[Opening TASK DATA section]

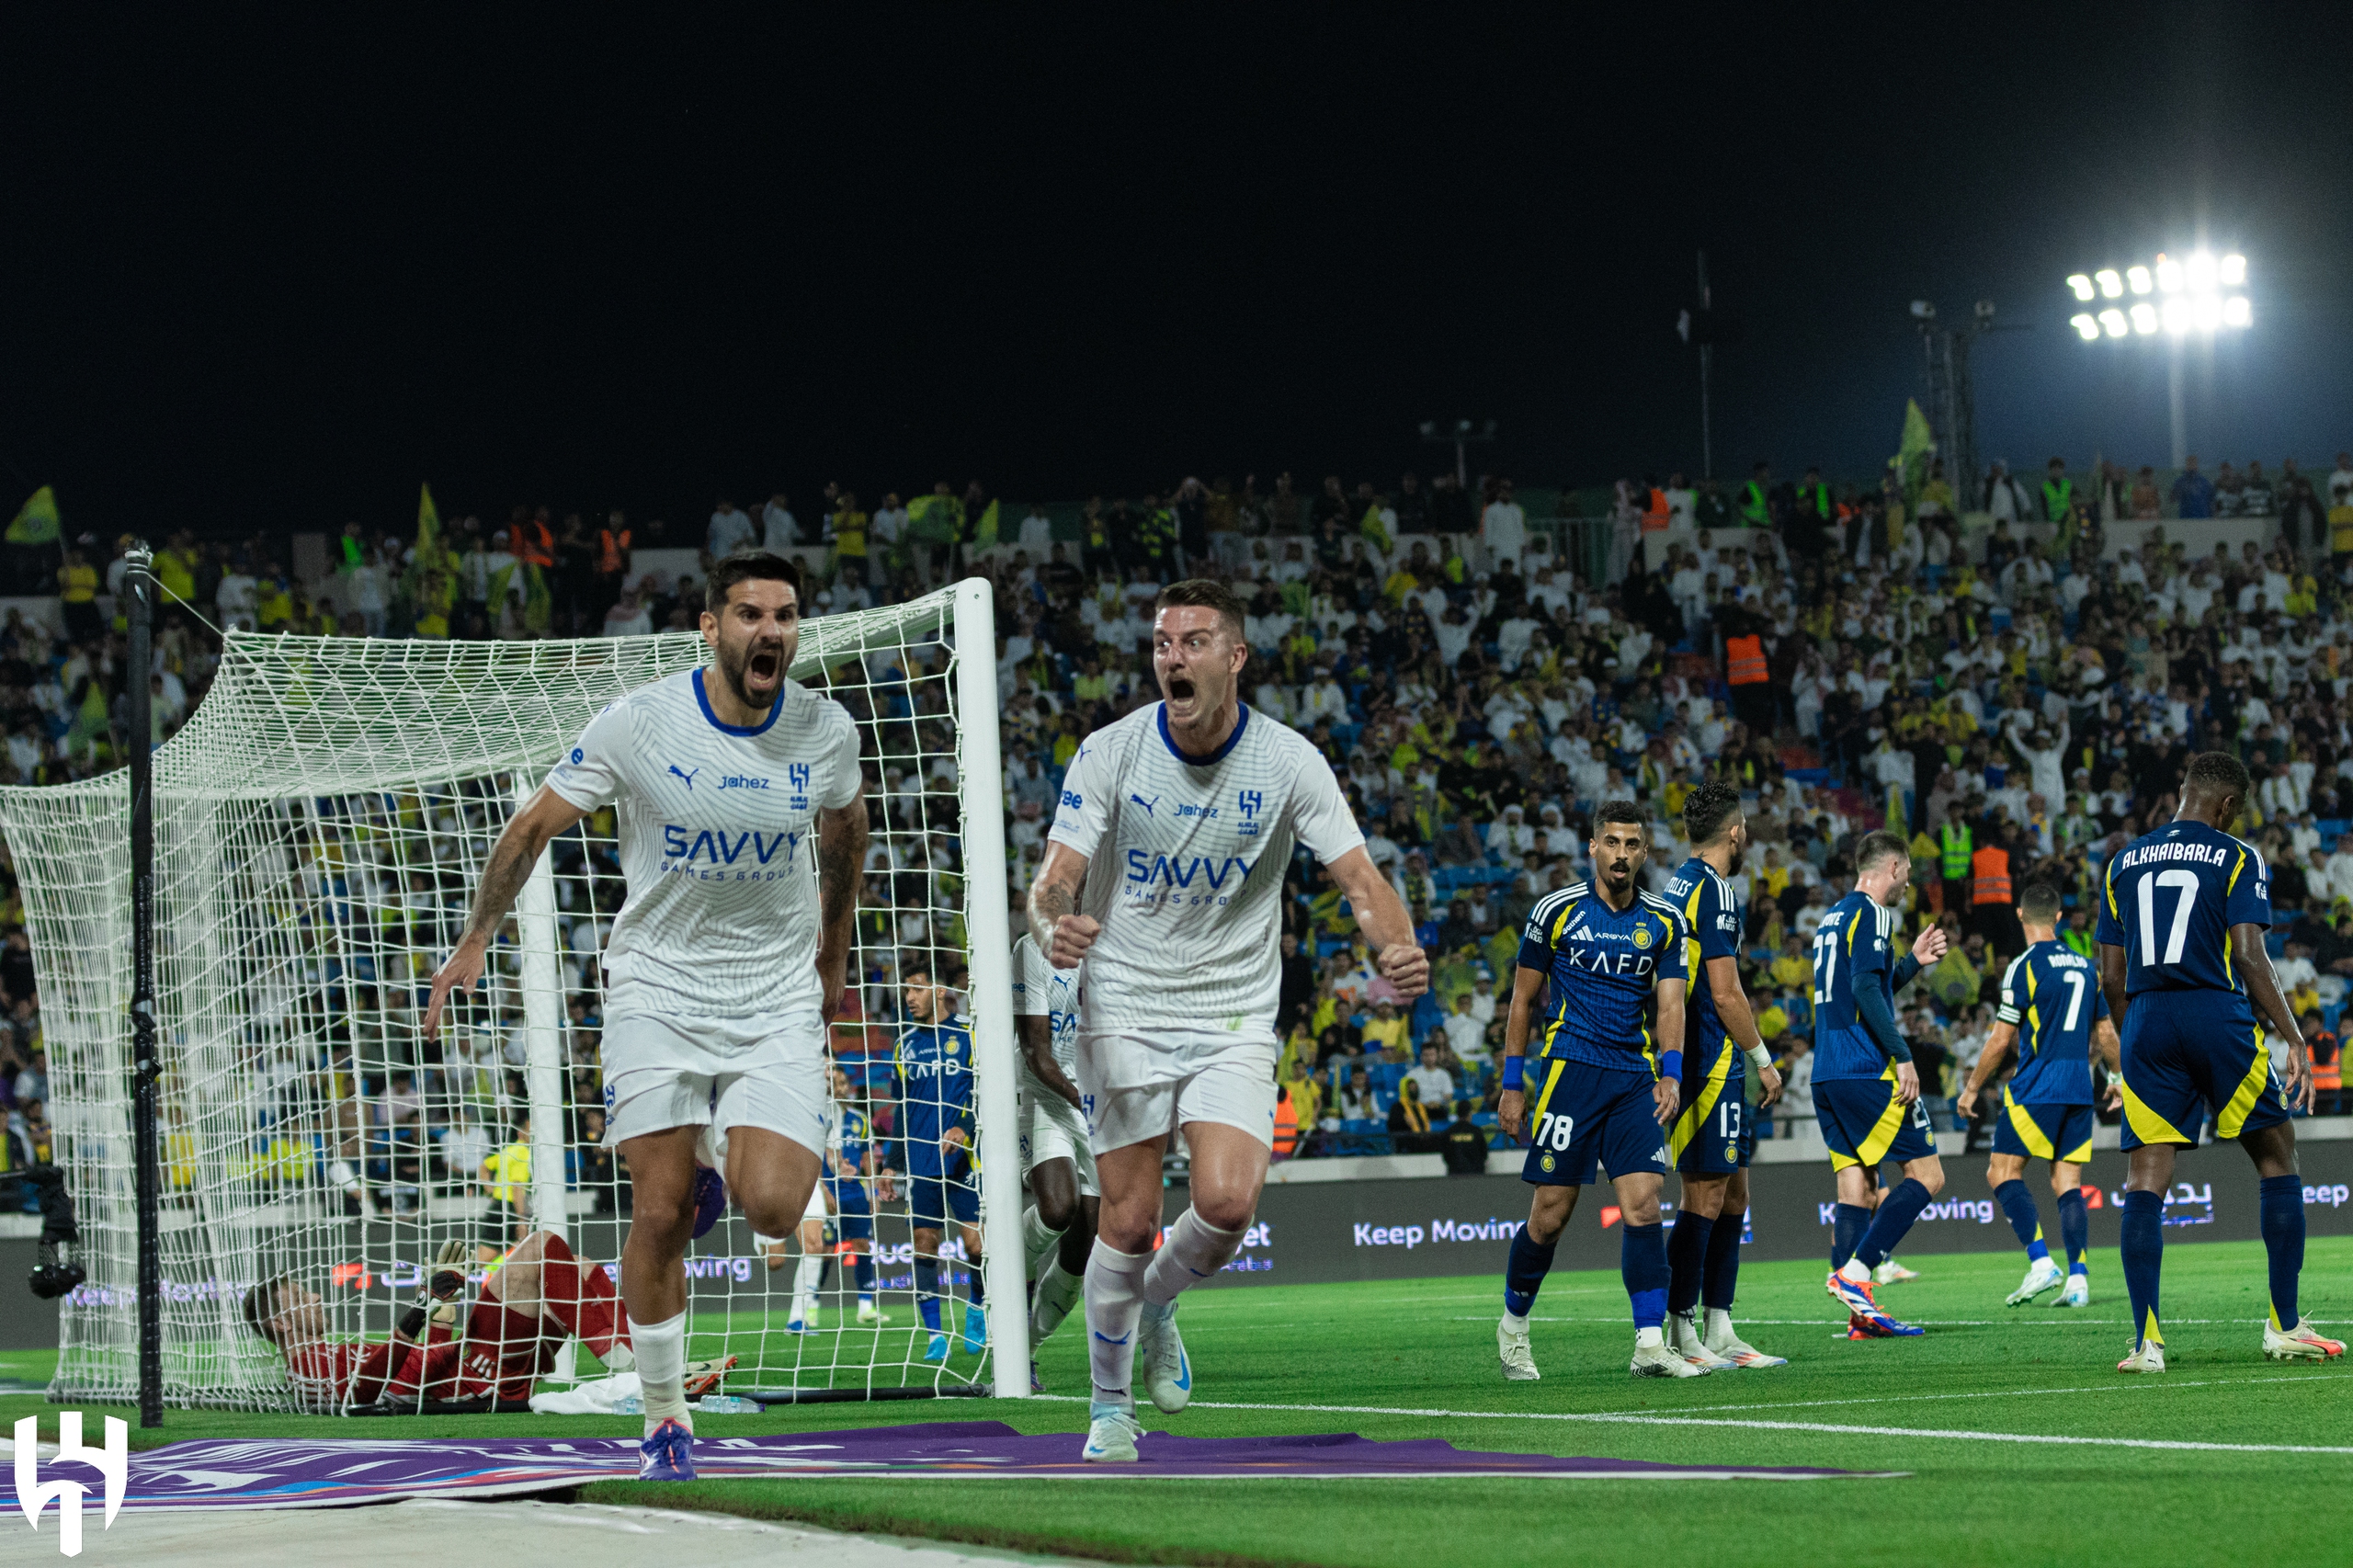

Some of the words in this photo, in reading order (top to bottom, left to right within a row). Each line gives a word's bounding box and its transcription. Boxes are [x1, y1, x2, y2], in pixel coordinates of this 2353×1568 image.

[665, 824, 806, 864] SAVVY
[660, 861, 724, 881] GAMES
[736, 867, 794, 881] GROUP
[1128, 848, 1259, 890] SAVVY
[1125, 885, 1180, 903] GAMES
[2137, 869, 2200, 966] 17
[1570, 948, 1653, 976] KAFD
[1813, 931, 1837, 1005] 27
[2063, 970, 2086, 1031] 7
[1536, 1112, 1574, 1152] 78
[1720, 1102, 1741, 1138] 13
[1915, 1196, 1995, 1224] oving
[2302, 1184, 2349, 1209] eep
[1354, 1221, 1425, 1250] Keep
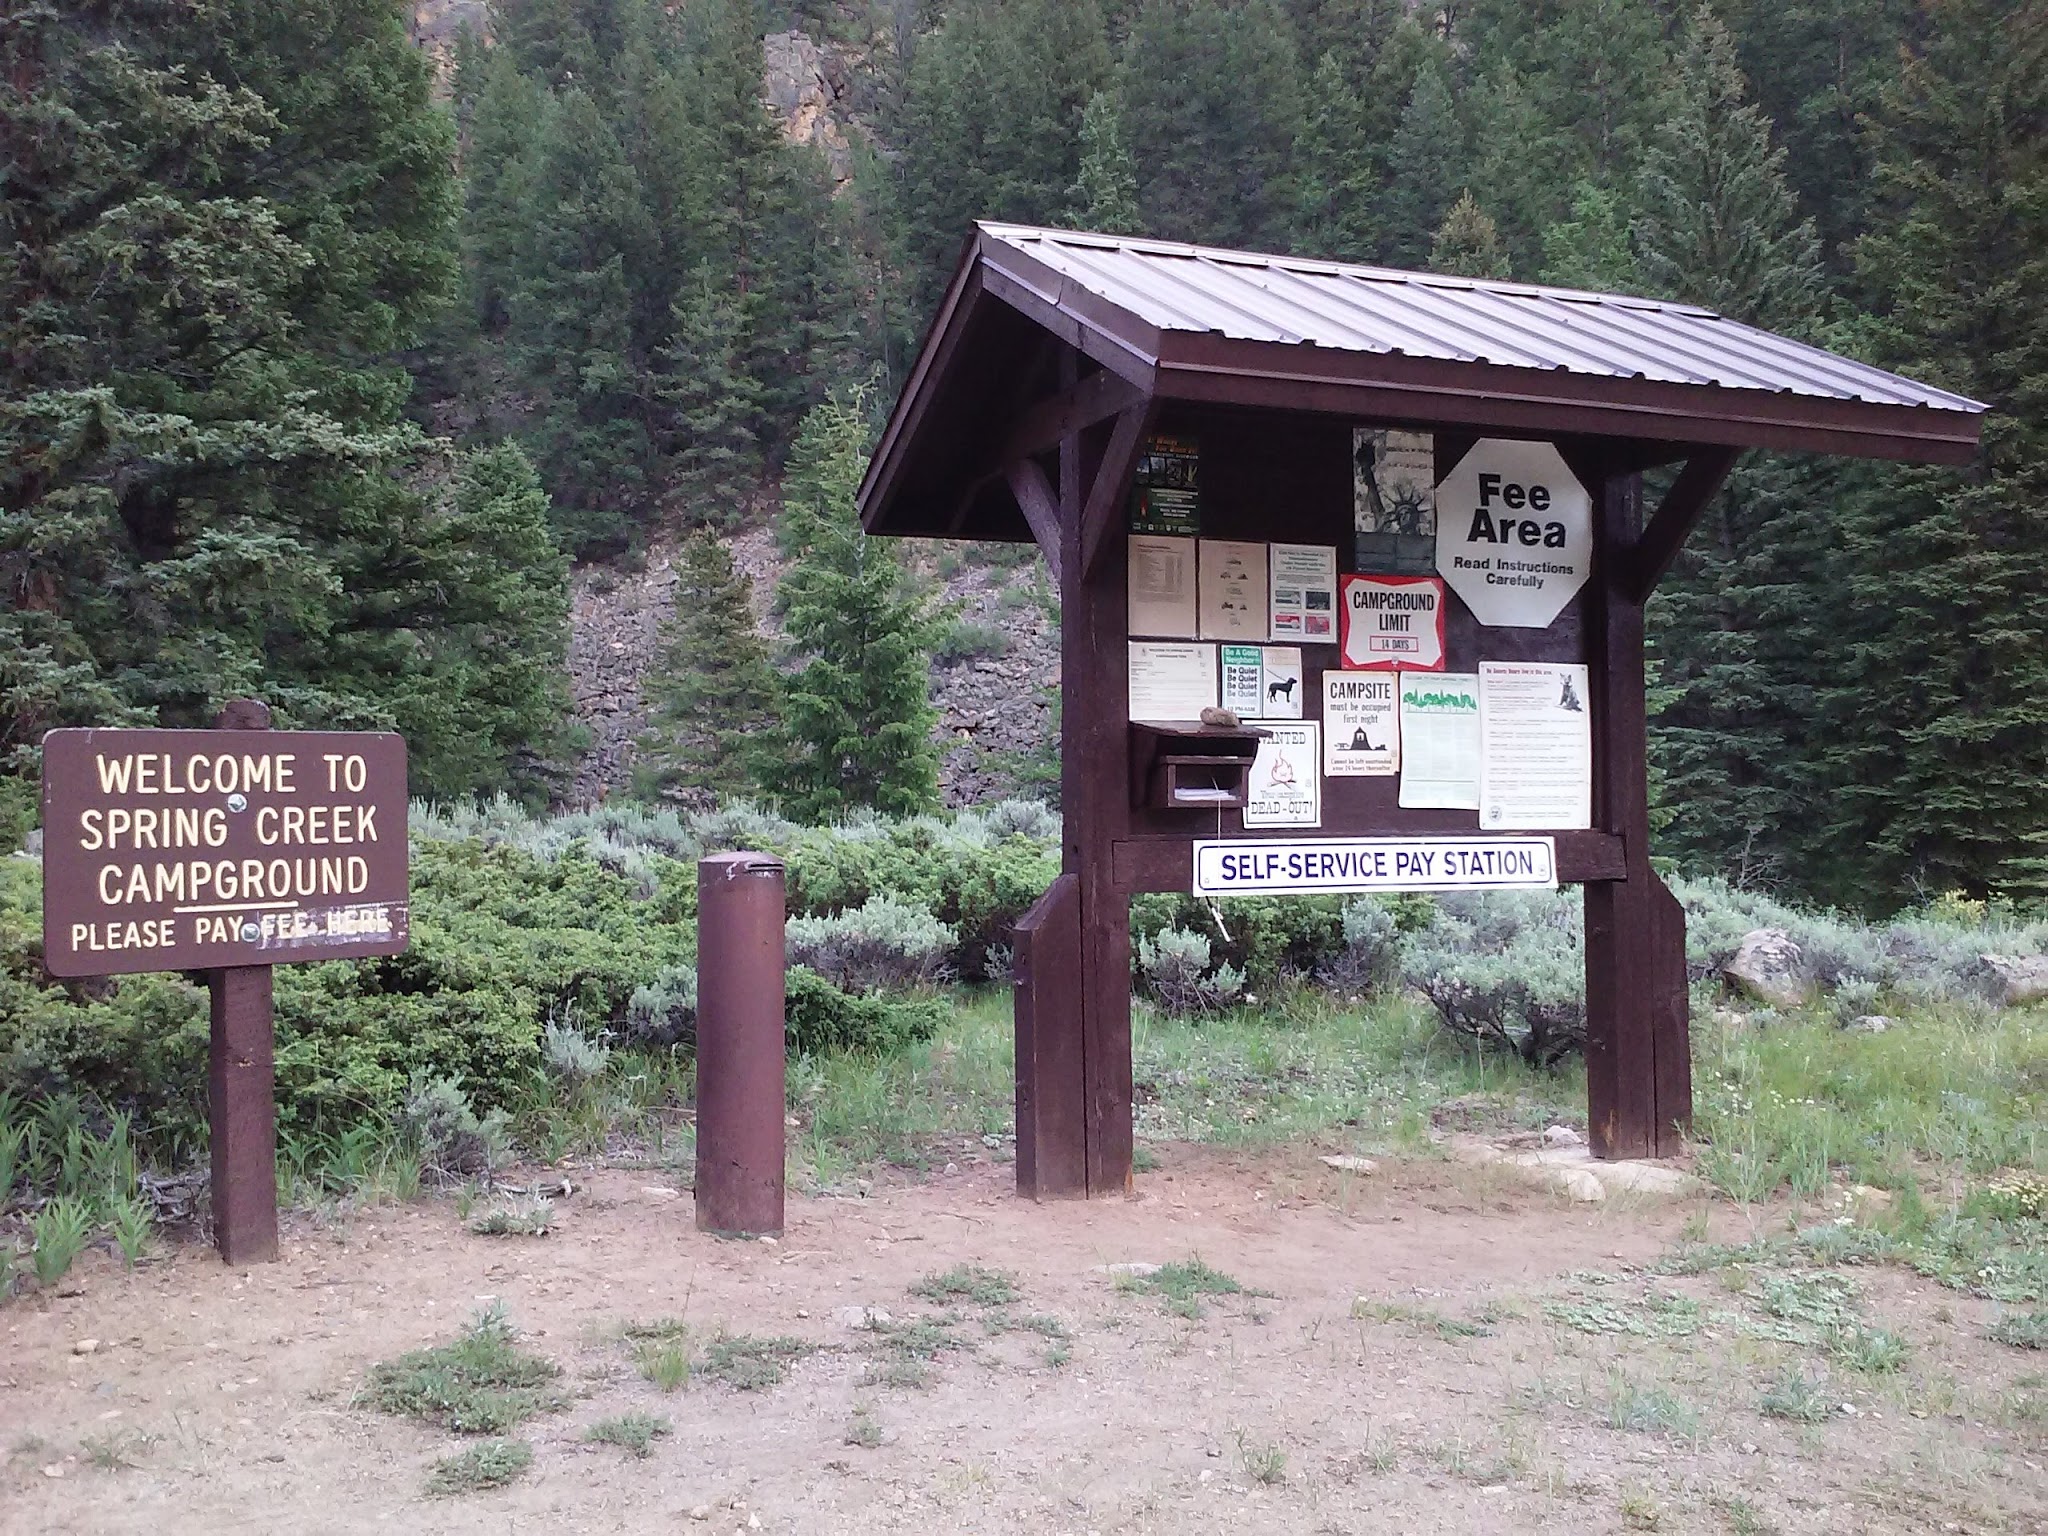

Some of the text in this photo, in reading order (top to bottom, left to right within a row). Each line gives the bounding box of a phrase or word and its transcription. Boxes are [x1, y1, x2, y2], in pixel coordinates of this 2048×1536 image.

[1479, 473, 1551, 511] Fee
[1467, 509, 1566, 548] Area
[1454, 557, 1574, 575] Read Instructions
[1486, 573, 1544, 589] Carefully
[1354, 591, 1434, 611] CAMPGROUND
[1379, 614, 1411, 632] LIMIT
[1382, 640, 1410, 650] 14 DAYS
[1330, 682, 1391, 699] CAMPSITE
[1330, 702, 1391, 713] must be occupied
[1343, 714, 1378, 725] first night
[96, 754, 367, 794] WELCOME TO
[80, 806, 378, 851] SPRING CREEK
[1221, 850, 1533, 881] SELF-SERVICE PAY STATION
[100, 856, 368, 905] CAMPGROUND
[72, 908, 390, 952] PLEASE PAY FEE HERE

[Closing TASK DATA section]

Pictures are to be omitted; otherwise, write out the data exactly as it appears.

Some of the words in this photo, in reading order (top to bottom, left to right within a row). Each line gives a word's bounding box and its transcription. Boxes are [x1, y1, x2, y2], in pixel coordinates of this 2353×1568 image.

[665, 824, 806, 864] SAVVY
[660, 861, 724, 881] GAMES
[736, 867, 794, 881] GROUP
[1128, 848, 1259, 890] SAVVY
[1125, 885, 1180, 903] GAMES
[2137, 869, 2200, 966] 17
[1570, 948, 1653, 976] KAFD
[1813, 931, 1837, 1005] 27
[2063, 970, 2086, 1031] 7
[1536, 1112, 1574, 1152] 78
[1720, 1102, 1741, 1138] 13
[1915, 1196, 1995, 1224] oving
[2302, 1184, 2349, 1209] eep
[1354, 1221, 1425, 1250] Keep

Some of the text in this photo, in reading order (top to bottom, left to right within a row). Each line gives the bounding box of a phrase or word and its transcription. Boxes are [x1, y1, x2, y2], in pixel coordinates of this 2048×1536 image.

[1479, 473, 1551, 511] Fee
[1467, 509, 1566, 548] Area
[1454, 557, 1574, 575] Read Instructions
[1486, 573, 1544, 589] Carefully
[1354, 591, 1434, 611] CAMPGROUND
[1379, 614, 1411, 632] LIMIT
[1382, 640, 1410, 650] 14 DAYS
[1330, 682, 1391, 699] CAMPSITE
[1330, 702, 1391, 713] must be occupied
[1343, 714, 1378, 725] first night
[96, 754, 367, 794] WELCOME TO
[80, 806, 378, 851] SPRING CREEK
[1221, 850, 1533, 881] SELF-SERVICE PAY STATION
[100, 856, 368, 905] CAMPGROUND
[72, 908, 390, 952] PLEASE PAY FEE HERE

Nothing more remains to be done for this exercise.